*TASK STATEMENT*:
Omit the images and output every line of the data below exactly.
....
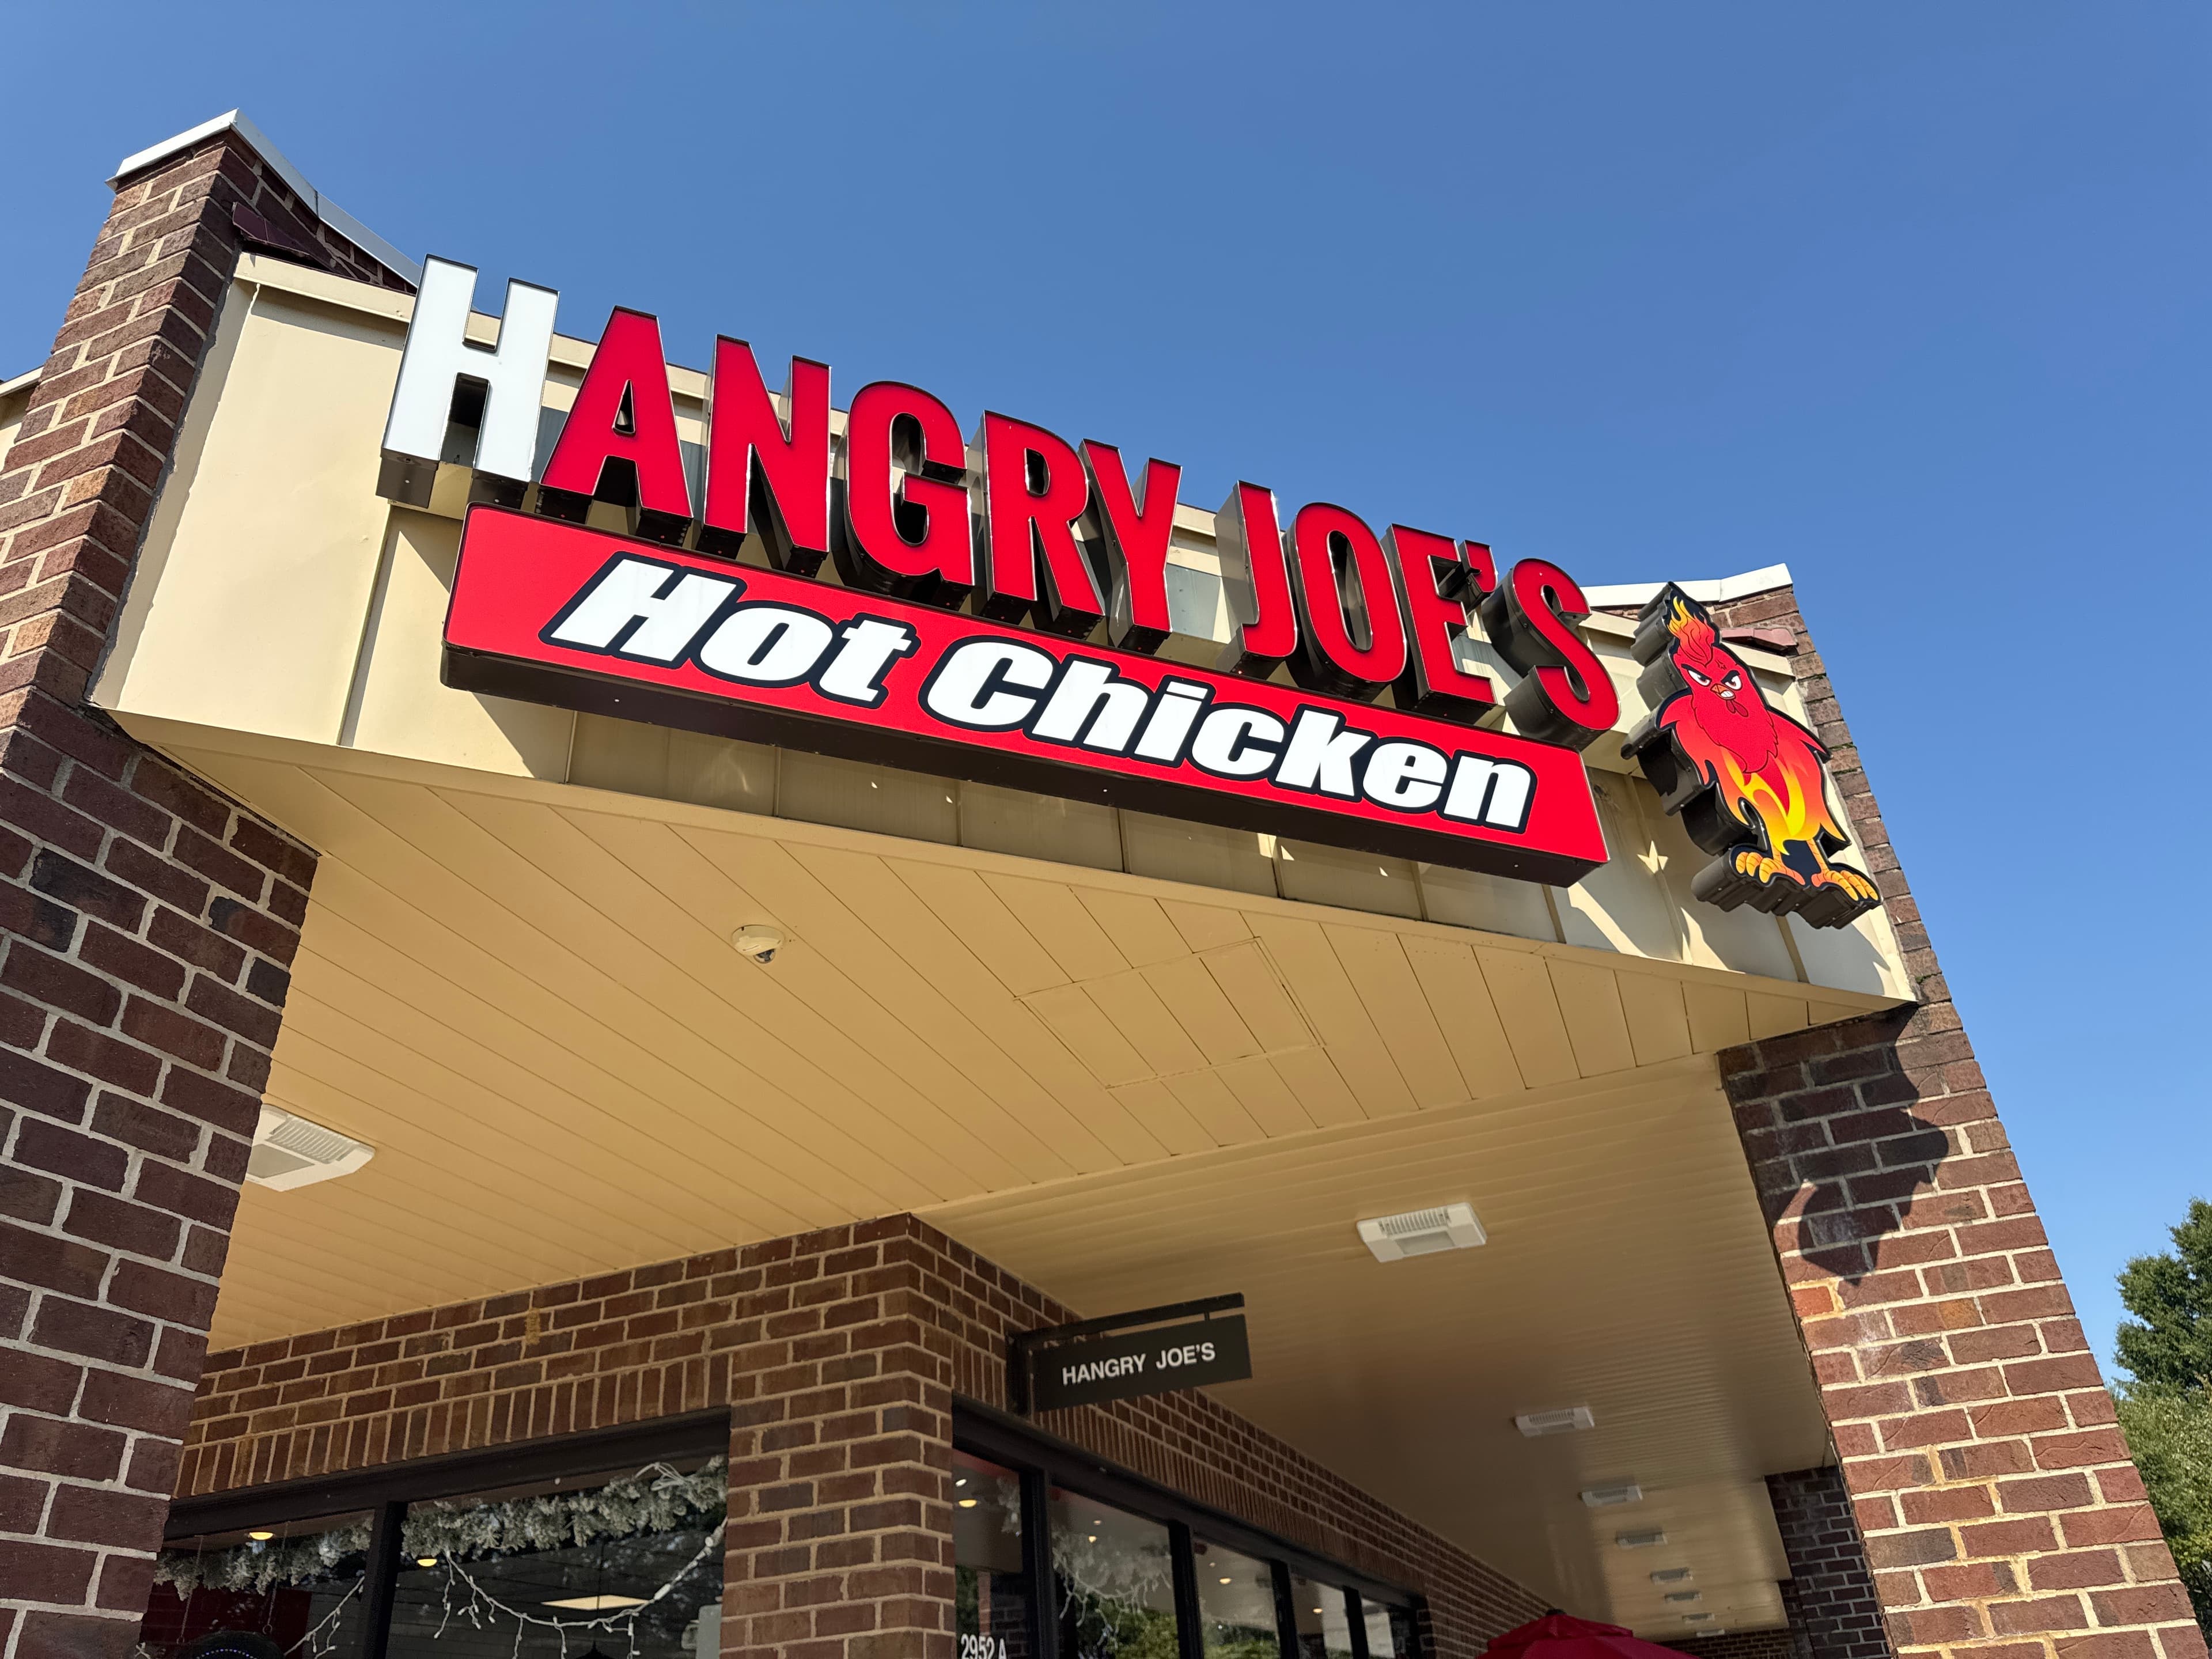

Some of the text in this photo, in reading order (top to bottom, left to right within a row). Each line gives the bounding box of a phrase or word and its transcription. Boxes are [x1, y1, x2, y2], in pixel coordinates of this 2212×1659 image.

[382, 254, 1619, 732] HANGRY JOE'S
[544, 555, 1532, 830] Hot Chicken
[1062, 1342, 1215, 1385] HANGRY JOE'S
[960, 1633, 995, 1659] 2952
....
*WRITTEN ANSWER*:
Some of the text in this photo, in reading order (top to bottom, left to right within a row). Each line gives the bounding box of a phrase or word and its transcription. Boxes are [x1, y1, x2, y2], in pixel coordinates of this 2212×1659 image.

[382, 254, 1619, 732] HANGRY JOE'S
[544, 555, 1532, 830] Hot Chicken
[1062, 1342, 1215, 1385] HANGRY JOE'S
[960, 1633, 995, 1659] 2952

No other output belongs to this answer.